Did You Know About the Global Currency Reset?

The New York Stock Exchange.
Middelkoop warns that the risk of severe financial collapse. (Image: via Pixabay)

As talks about a global recession are heating up among economic experts, some believe that it might even trigger a Global Currency Reset (GCR). Russia and China seem to be at the forefront of looking to benefit from this shift in the world economy.

The reset

In 1944, the allied countries of World War II came together to establish a new global monetary system. Called the Bretton Woods Agreement, they decided to ditch the gold standard and use the U.S. dollar as the global currency. The agreement also created the International Monetary Fund and World Bank, two institutions tasked to monitor the new system. The nations had agreed on a fixed currency rate, almost similar to the global gold standard. However, Richard Nixon stopped supporting U.S. dollars with gold in 1971. Since then, the dollar and all other currencies in the world exist without any support from a hard asset like gold.

The system led to a situation where the world ended up with more debt than assets. After the 2008 financial crisis, experts started predicting that the current financial system was on its last legs. This is when the concept of GCR strengthened. Basically, GCR refers to a process where the U.S. dollar will eventually lose its place as the global currency. Instead, gold or some other instrument will be used as the new standard. Currencies of all nations will revalue based on the value of their assets. This is expected to cause a sharp rise in gold prices as people seek out the financial stability provided by the yellow metal. Once the GCR process is complete, the world will start recovering based on the new financial monetary system.

A global currency reset might occur very soon.
A global currency reset might occur very soon. (Image: Pixabay)

Willem Middelkoop, author of The Big Reset: Gold Wars and the Financial Endgame feels that global powers might decide on using the IMF’s Special Drawing Rights (SDR) as the new universal currency. Countries may also decide to write off all debt every 15 years or so. This might be the most preferred method for the majority of people.

However, there is always the risk that things will never go as planned, resulting in extreme stress in the financial markets. “A breakdown in trust between the most important economic powers could result in a worst-case scenario of escalating trade-, financial- and even real wars, which could include gold confiscations… There is a risk that a new crisis will occur before a planned reset could be unrolled and chaos will take over,” Willem says in the book (The Epoch Times).

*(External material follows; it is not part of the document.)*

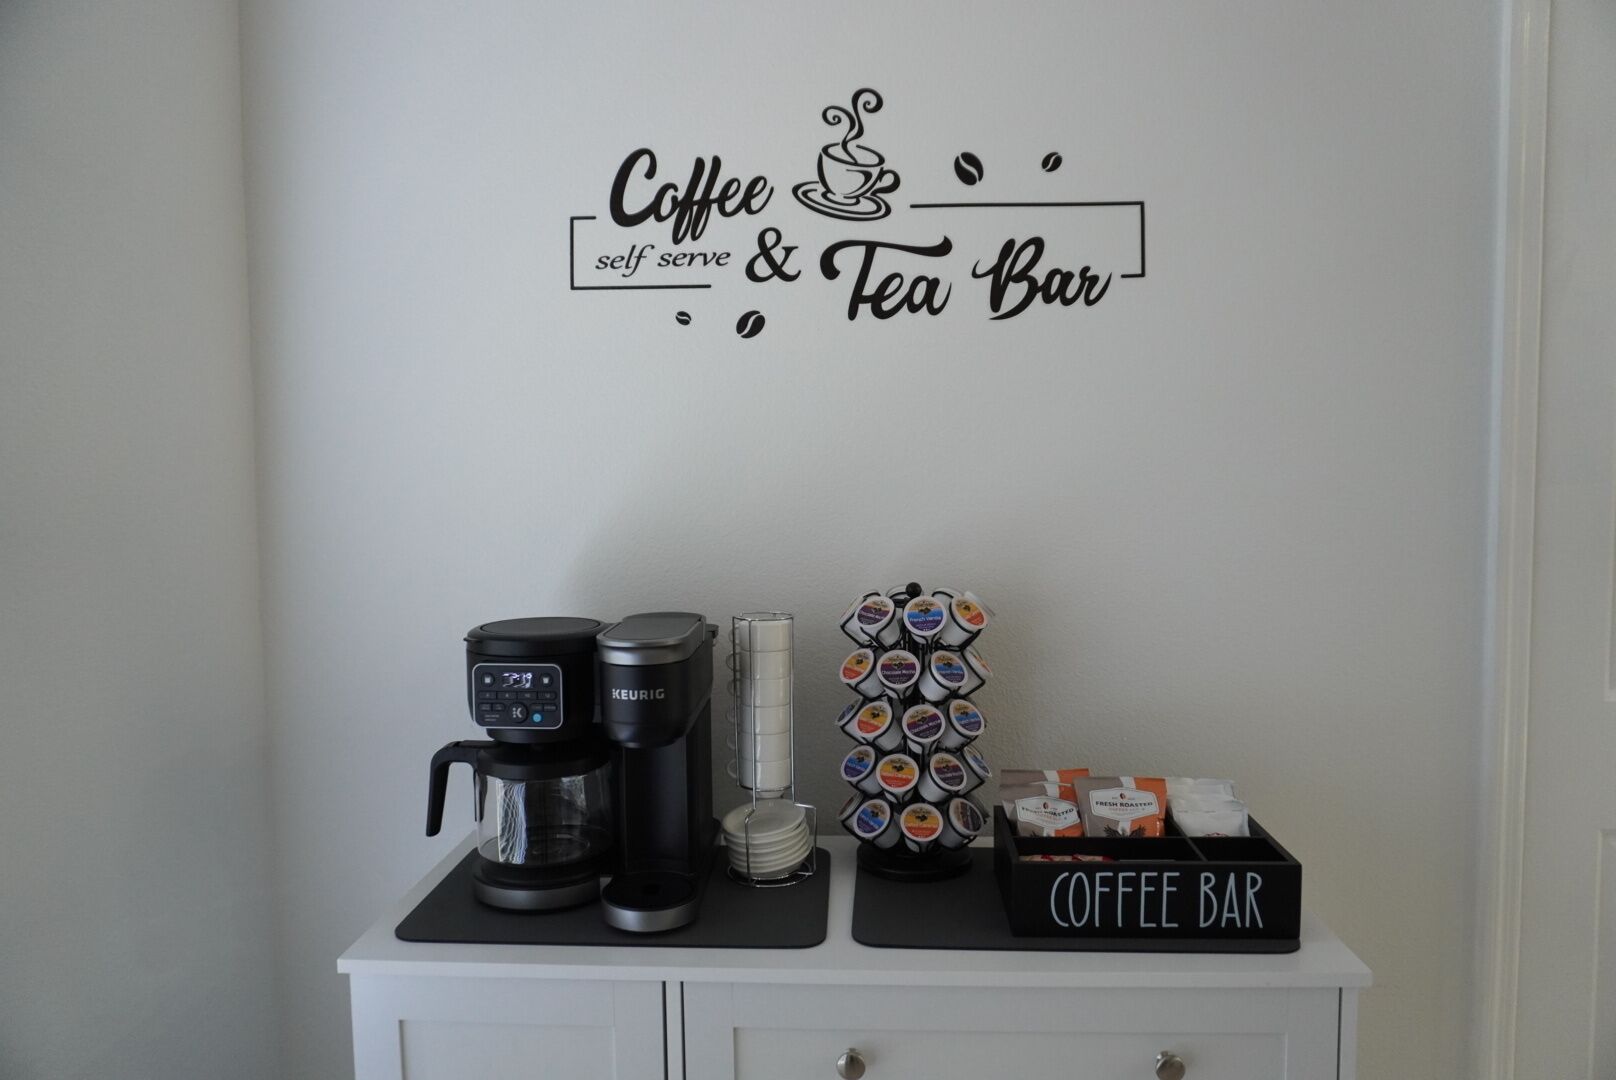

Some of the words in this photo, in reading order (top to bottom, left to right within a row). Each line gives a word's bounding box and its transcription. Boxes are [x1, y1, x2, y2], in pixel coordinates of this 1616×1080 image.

Moving away from the US dollar

In June, Russian President Vladimir Putin indicated that he wanted to remove the U.S. Dollar as the global currency. He accused America of using the dollar to extend its jurisdiction to the entire world. “[Changes in the global economy] call for the adaptation of international financial organizations [and] rethinking the role of the dollar which… has turned into an instrument of pressure by the country of issue on the rest of the world,” Putin said in a statement (TRT World).

China and Russia have already agreed to reduce the use of the U.S. dollar in bilateral trade. In the first quarter of 2019, the share of the dollar in payments for exports from Russia to China declined to 45.7 percent from 75.1 percent in Q1, 2018. This is the first time in history that the dollar share has been less than 50 percent. The euro has been the major beneficiary of this trend, with its share in payments rising from a paltry 0.7 percent during the first quarter of 2018 to an impressive 37.6 percent in Q1, 2019.